David Augsburger: Dissident Discipleship
David Augsburger, Dissident Discipleship: A Spirituality of Self-Surrender, Love of God, and Love of Neighbor (Grand Rapids: Brazos Press, 2006), 245 pages, ISBN 9781587431807.
Augsburger, an American Anabaptist author, currently professor of pastoral care and counseling at Fuller Seminary, explains that his book’s purpose is to unfold a “radical, spirituality” that he defines as “tripolar in combining love for God, others and self.” He opines that Anabaptism is “revolutionary stuff” in the present century when “spiritual passivity, collective helplessness, a sense of religious futility, and exhaustion with the disciplines of traditional spirituality have turned so many away from formal religion, church doctrine and theology”. He further considers that the Anabaptist tradition, as experienced in the Mennonite, Amish and Brethren faith communities, exceeds its spiritual contexts and appears also in Catholic, Protestant, and predominately in Charismatic and Pentecostal forms of spirituality. He views the Anabaptist alternative as having “an attitude of subversive spirituality, a stubborn set of commitments, and a radical obedience to the Sermon on the Mount” that seeks a new and closer relationship with Jesus Christ.
The author enlarges his discussion by defining the eight practices inclusive of Anabaptist spirituality: “radical attachment; stubborn loyalty, tenacious serenity; habitual humility, resolute nonviolence, concrete service, authentic witness and subversive spirituality”. It is through the understanding and practice of these disciplines that one avoids monopolar and bipolar spiritualities to practice tripolar spirituality: an inwardly directed, upwardly compliant and outwardly committed lived theology that connects “the experience of personal transformation, divine encounter (the God-ward journey) and the relation of integrity and solidarity with the neighbor”. The author explains that the unity of tripolar spirituality is essential to Jesus’ teaching on forgiveness. This spirituality is also evident in the Pentateuch, Prophets and Psalms; in the Magnificat in of Luke’s Gospel; in Paul’s epistles, and historically throughout the Middle Ages in, for example, St. Francis of Assisi, the Waldensians, and the Anabaptists of the sixteenth century.

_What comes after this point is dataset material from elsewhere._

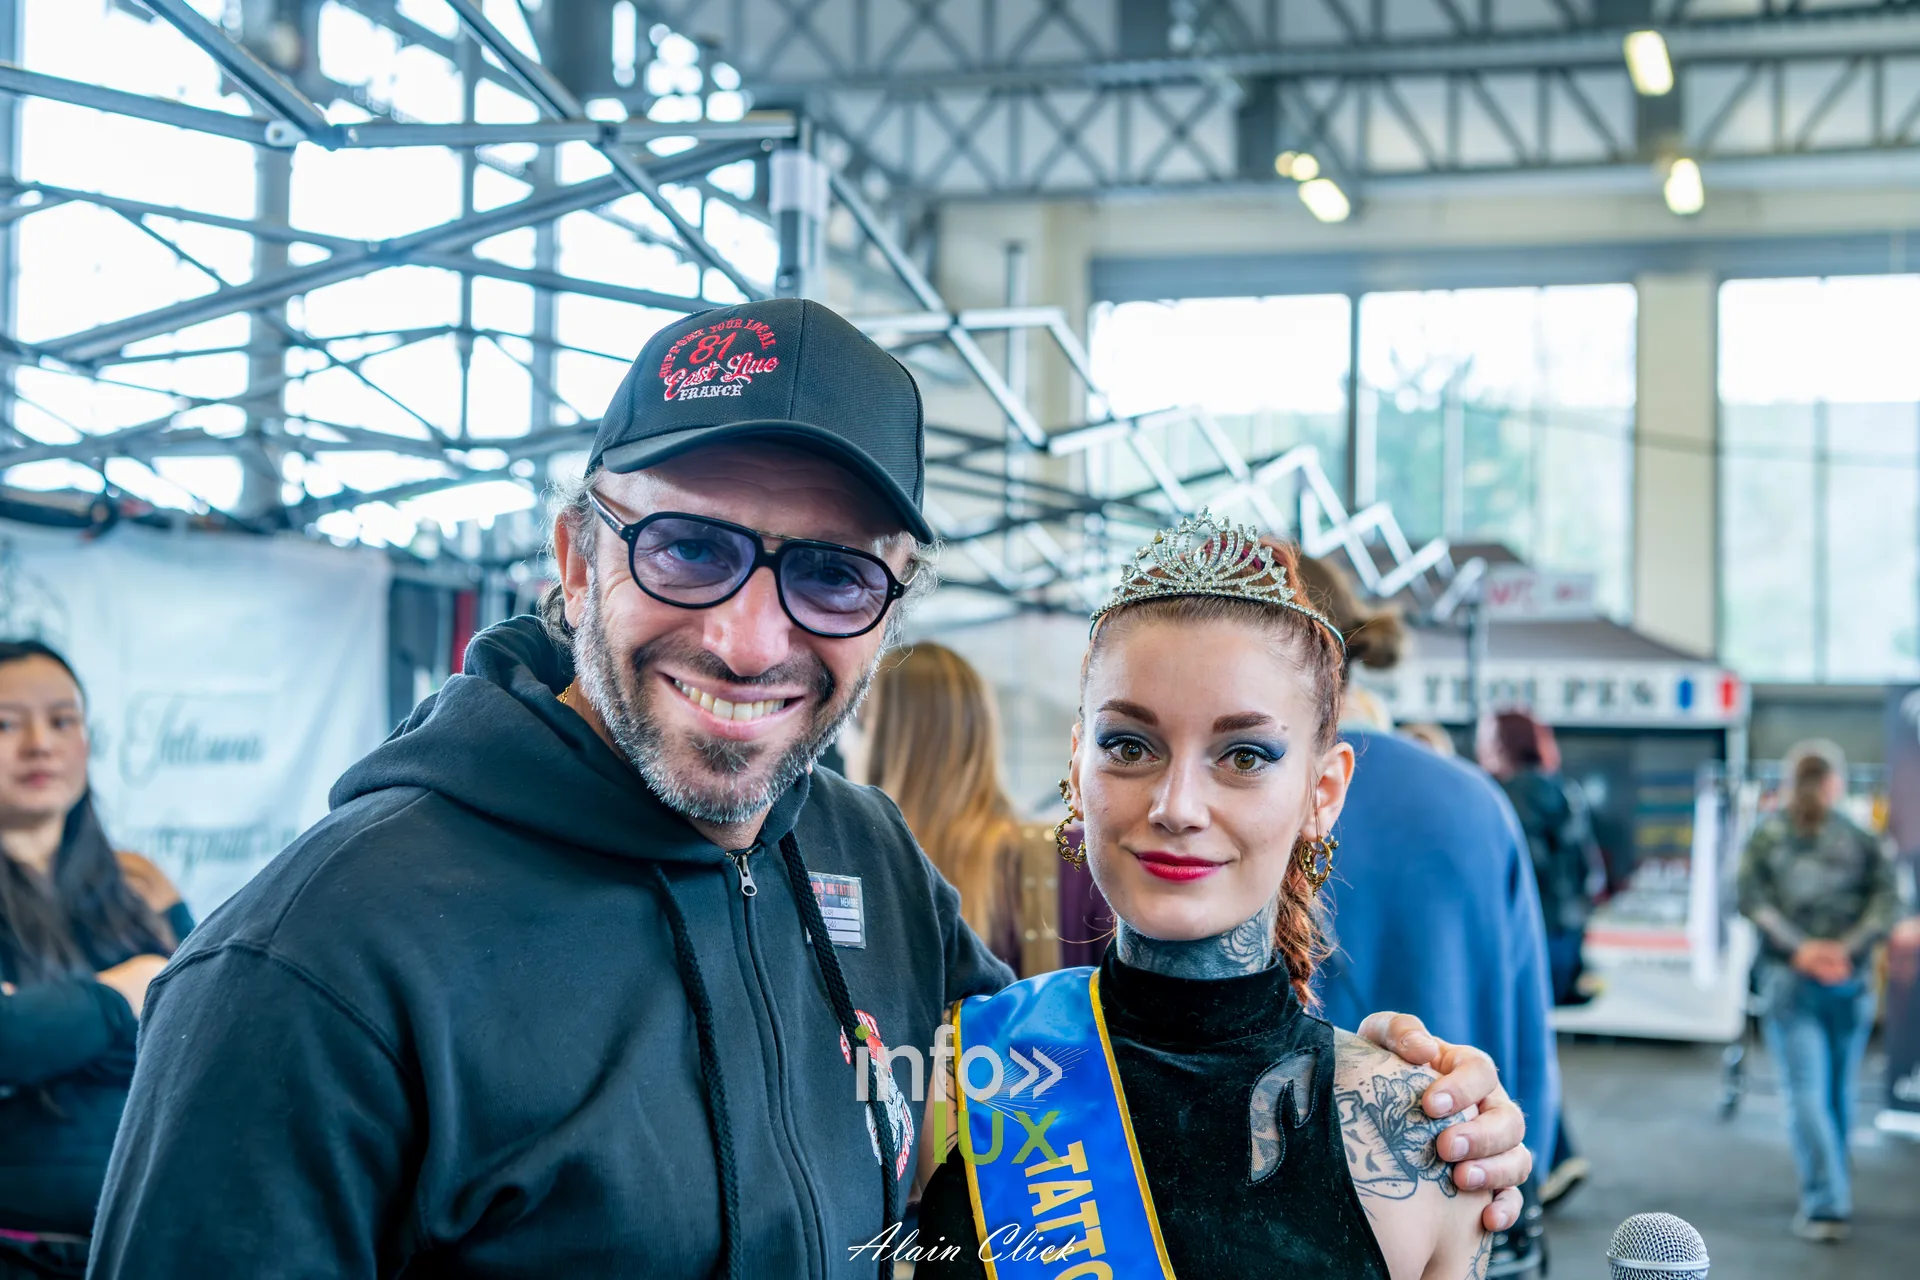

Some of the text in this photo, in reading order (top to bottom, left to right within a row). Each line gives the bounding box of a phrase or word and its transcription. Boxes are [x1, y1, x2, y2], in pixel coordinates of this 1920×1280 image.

Augsburger provides the reader with soul searching questions. For example, no longer need we ask “What would Jesus do?” but rather “What do I do with Jesus”? as I meet him in the enemy, the abandoned, the needy, the sick and the dying. He poignantly illustrates the validity of the previous question by quoting the prayer of a volunteer serving food to homeless people near the White House: “‘Lord we know you’ll be comin’ thru this line today. So help us treat you well’”.
Augsburger does well in his nuanced theological discussion of authentic community, as he contrasts the meanings of “false” versus “true” community. He opines that community is where one learns virtues, not where one chooses values. In particular he connects Gelassenhiet, defined as serenity, contentment and calmness of spirit, to the experience of fulfillment in community, through sacrifice and service, as opposed to an isolated self-actualization. Gelassenhiet combines the qualities of “fortitude and faithfulness” that lead one away from the self-serving aspects of a false spirituality.
A major strength of Augsburger’s presentation is his emphasis on the lived theology of imitation as practice: the call to mimetic behavior in following Jesus. He embraces “the politics of Jesus” which he explains as a movement downward rather than the embrace of power, influence and success. He explains dissident discipleship as the practice of reverse theology: countering the prosperity gospel and reassessing one’s present culture to compare cultural philosophy and its practices in the light of biblically-defined discipleship. He emphasizes the contrast between triumphalism versus the theology of suffering: Christ’s triumph was in and through sacrifice and suffering; the Savior’s self-giving for others. The author is careful to make a distinction in the differences between teaching religion and actually living religion. He emphasizes that “Authentic embodiment is the basis for [valid] witness.” Authentic witness is not based on the charisma of one person, or “the perfection of a particular life”, but is “the presence of a community of witnesses who verify, validate and authenticate their life together.”